What’s Everybody Else Doing?
This maybe not the best reason for making a decision,
but definitely worth consideration. There are three other
missionary families in our area. One, the Lee family, has
never left. They, mostly adult children and their father (the
Mom is in the States), continue their thriving ministry in the
remote village of Krinkrin. The Hansens are out, having left
early for a scheduled furlough. Norman, a pilot who does
medical evacuations, says that they and their school-aged
children will return to Tronquera after doing some medical
training. The Hawleys, our friends in Waspam, are back in
California, waiting it out. They have small children and a
cautious mission board.
We stayed with a couple in Managua who were ordered
to evacuate the day we left. They are plugged into a hostcountry
Christian non-profit. They recently returned and are
back at work. Charles and Sarah Kaye, pastors of the El
Puente church in Granada, escaped town traumatized. They
saw people shot in the street in front to them. They have not
returned. Nathan Johnston, also based in Granada, never left.
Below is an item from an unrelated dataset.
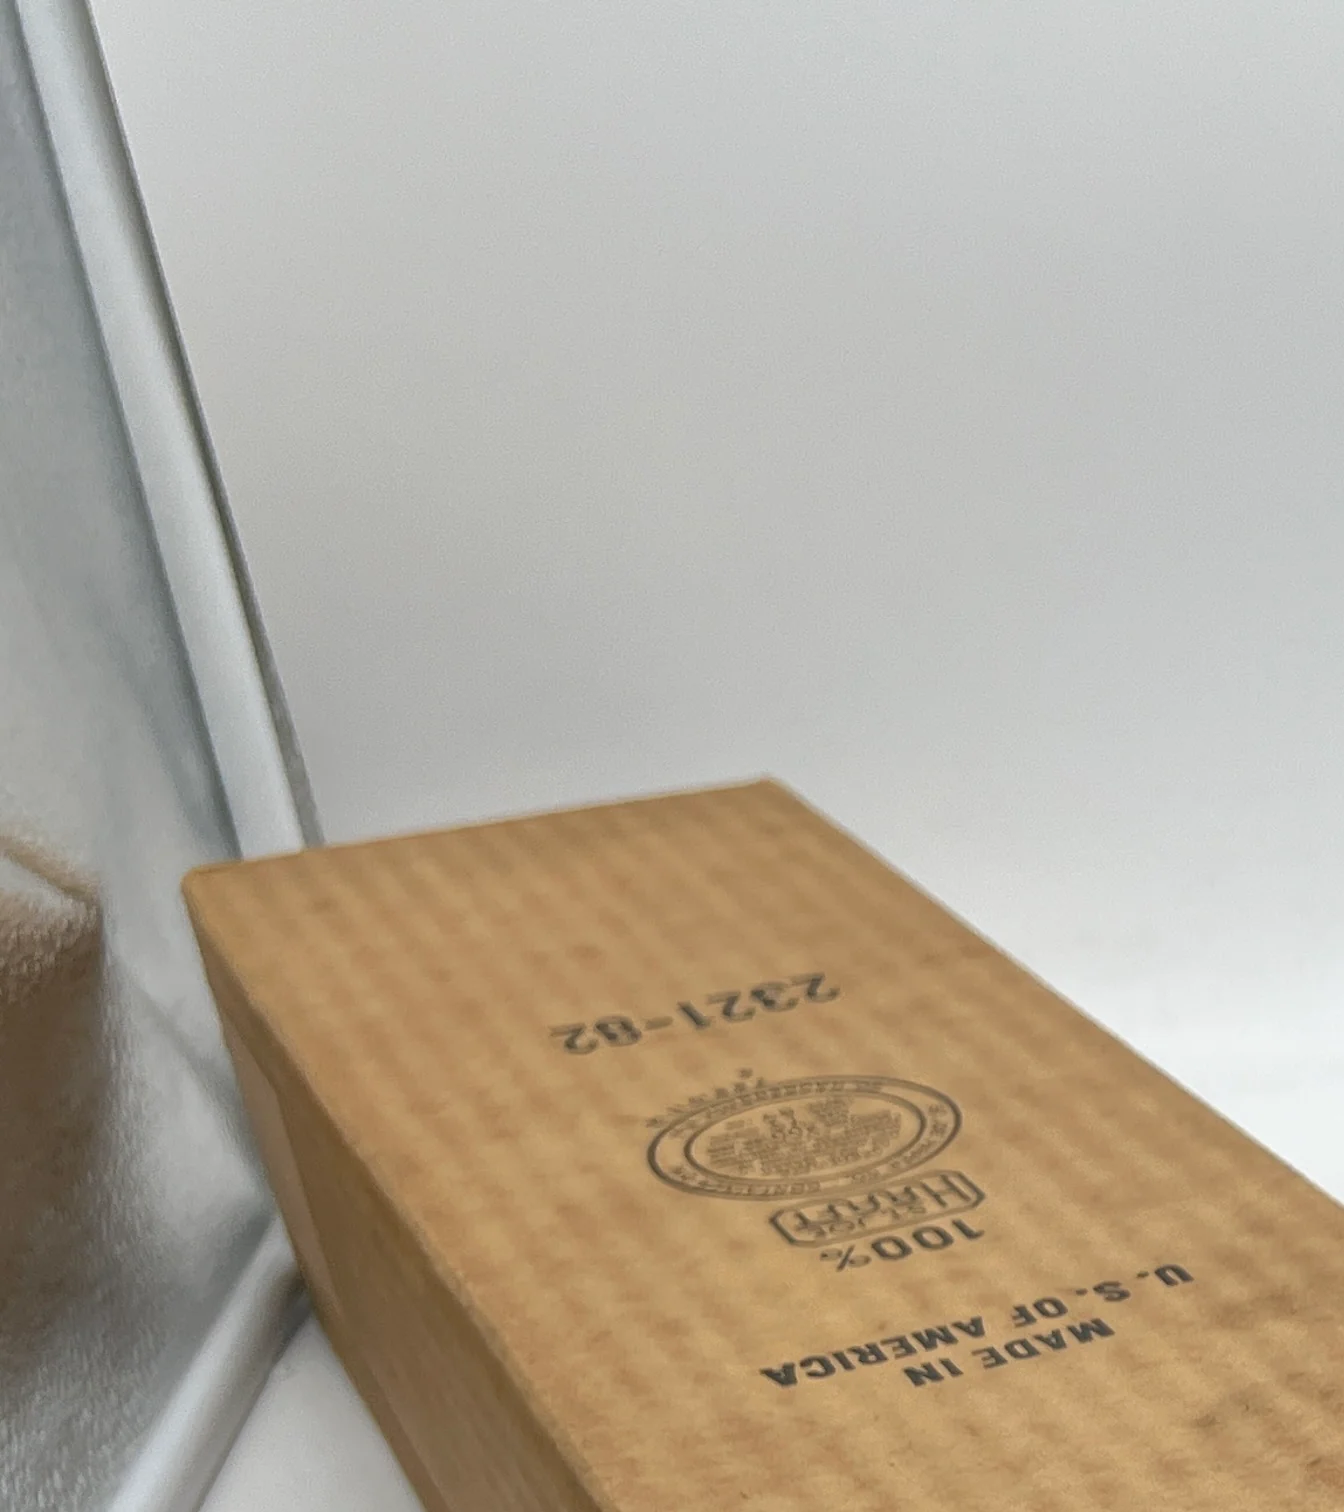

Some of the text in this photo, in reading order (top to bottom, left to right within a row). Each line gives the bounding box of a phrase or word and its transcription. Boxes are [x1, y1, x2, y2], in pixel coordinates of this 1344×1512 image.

[820, 1219, 985, 1272] 100%
[1011, 1297, 1068, 1328] OF
[759, 1316, 986, 1387] AMERICA
[904, 1318, 1115, 1387] MADE IN
He’s still there, doing awesome things in the power of the
Lord. Nathan’s the one who got slightly gored the day we
were on hand for Granada’s annual running of the bulls. You
could say he’s a risk taker.
We believe we are walking under the covering of the
Sovereign God. We just happened to program a reunion with
Nutie’s siblings in England for the moment when it became
necessary to leave Nicaragua. Unfortunately, I came down
with a tropical disease that has lingered for three months
now, but it has served the purpose of preventing the urge to
rush back too quickly, while giving us time with children
and grandchildren and also a chance to work on a writing
project that has, because of other ministry demands, always
been kept on a back burner. We have been afforded a car, a
beautiful place to stay, and Jesus-work at the Rio Coco Cafe.
All these things, temporary in character, come with
permanent growth toward God. We do not feel that the
present circumstances in Nicaragua are an obstacle to our
safe return. Nutie wants to help out with the births and go
down there afterward. God will show us when it is time.
Meanwhile, we want to be where the Spirit is streaming live.